The sword wanted him to touch it, and for a moment he hesitated, remembering the last time he’d touched the instrument, and what it had cost his newfound friends and the world.

But the instrument needed him, and in some sad, twisted way, he needed it, as well.

Dusty placed his hand upon the body of the blade, and even though he was nearly blind, he saw.

He saw
.

The blade showed him the evil in the world, where it was, and where it would strike.
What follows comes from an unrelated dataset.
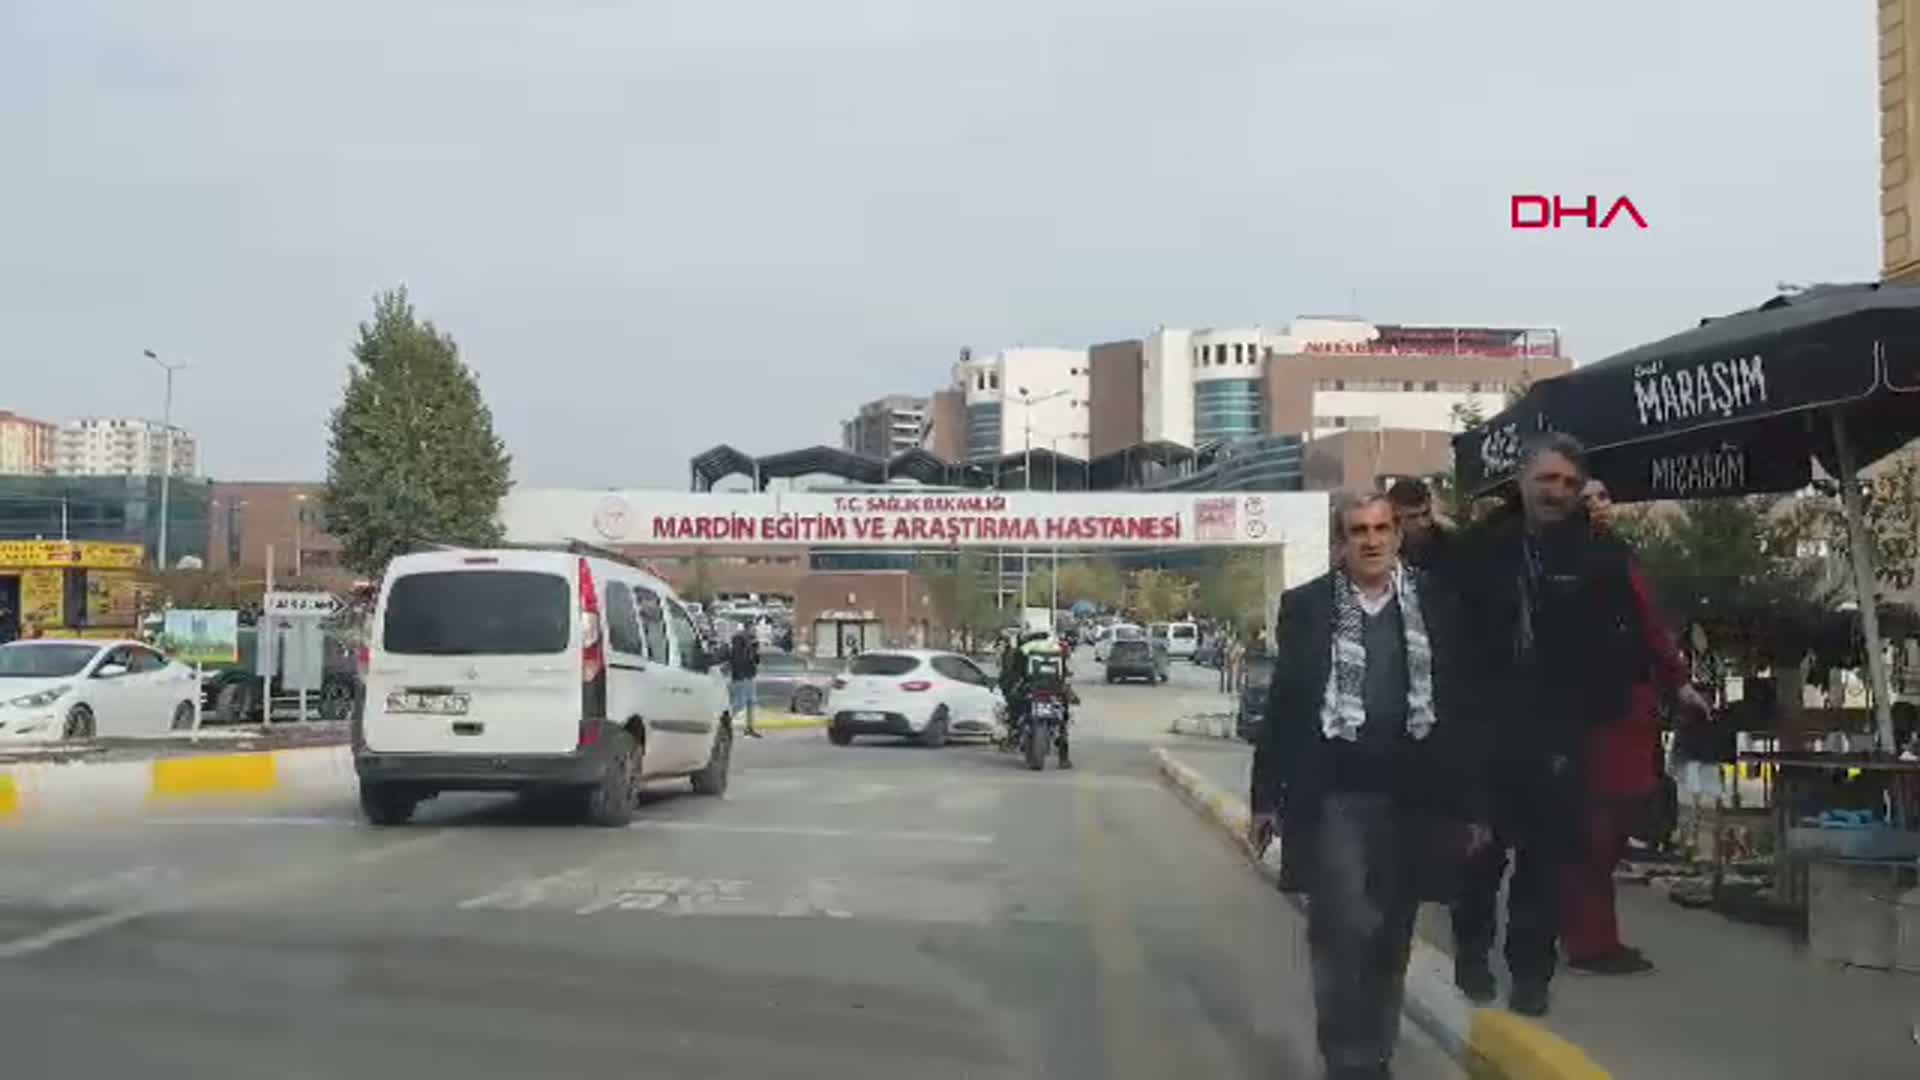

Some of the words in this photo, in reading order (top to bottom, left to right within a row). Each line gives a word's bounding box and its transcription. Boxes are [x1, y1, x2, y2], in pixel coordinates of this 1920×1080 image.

Dusty hadn’t yet told them, Aaron and the others, what he saw when he touched the sword, only that it might help them with their efforts. It was all still a little confusing for him. The instrument was eager to show him other things too. He believed the blade was attempting to show him the future, trying to show him what was in store for a world cut off from the attentions of Heaven.

Dusty had always believed that the future was malleable, that nothing was predetermined, that the time ahead could always be changed. After seeing what the sword had shown him, he wanted to believe that now more than ever.
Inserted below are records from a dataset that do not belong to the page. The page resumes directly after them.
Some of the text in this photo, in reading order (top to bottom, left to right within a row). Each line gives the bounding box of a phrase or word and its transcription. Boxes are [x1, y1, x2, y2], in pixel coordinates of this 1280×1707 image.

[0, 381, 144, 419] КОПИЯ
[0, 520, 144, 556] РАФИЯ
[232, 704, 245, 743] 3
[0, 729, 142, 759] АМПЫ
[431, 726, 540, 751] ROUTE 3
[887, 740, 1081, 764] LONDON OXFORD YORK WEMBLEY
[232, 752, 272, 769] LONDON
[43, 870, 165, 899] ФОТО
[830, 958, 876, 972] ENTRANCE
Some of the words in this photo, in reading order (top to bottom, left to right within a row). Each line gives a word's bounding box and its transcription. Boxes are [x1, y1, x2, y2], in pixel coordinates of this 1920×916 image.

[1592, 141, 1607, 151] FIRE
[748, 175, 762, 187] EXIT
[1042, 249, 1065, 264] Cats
For his sake, and the sake of them all.

The bond with Heaven had been severed, and the silence was deafening.

Verchiel knelt upon the altar of the chapel, gazing up at a section of wall where a cross had once hung. It now showed only as an outline on the dirty white wall.

Normally, this was where his kind could feel that connection to the Creator and the Kingdom of Light the strongest, but now there was only a void.

The former place of worship had been reduced to an empty vessel, and the former Powers leader could not help but relate.

Even before Wormwood had been called, Verchiel’s connection to the Lord of Lords had been strained. It had been quite some time since he’d last heard his Creator’s voice, and even if He had been trying to communicate, would Verchiel have heard Him? Would he have listened?

In retrospect, Verchiel had been blinded by his hate for them—the accursed Nephilim—and that hate had driven him further and further from the love of his Heavenly Father. But he had not been able to see it. His hate had made him deaf. His hate had also made him blind.

Verchiel continued to kneel, and pray for answers. Answers that did not come—would not come, for the world was now alone.

There was an anger that still existed inside of him, a fury that yearned to be released upon those that offended him. It took everything he had not to turn this rage upon the Nephilim.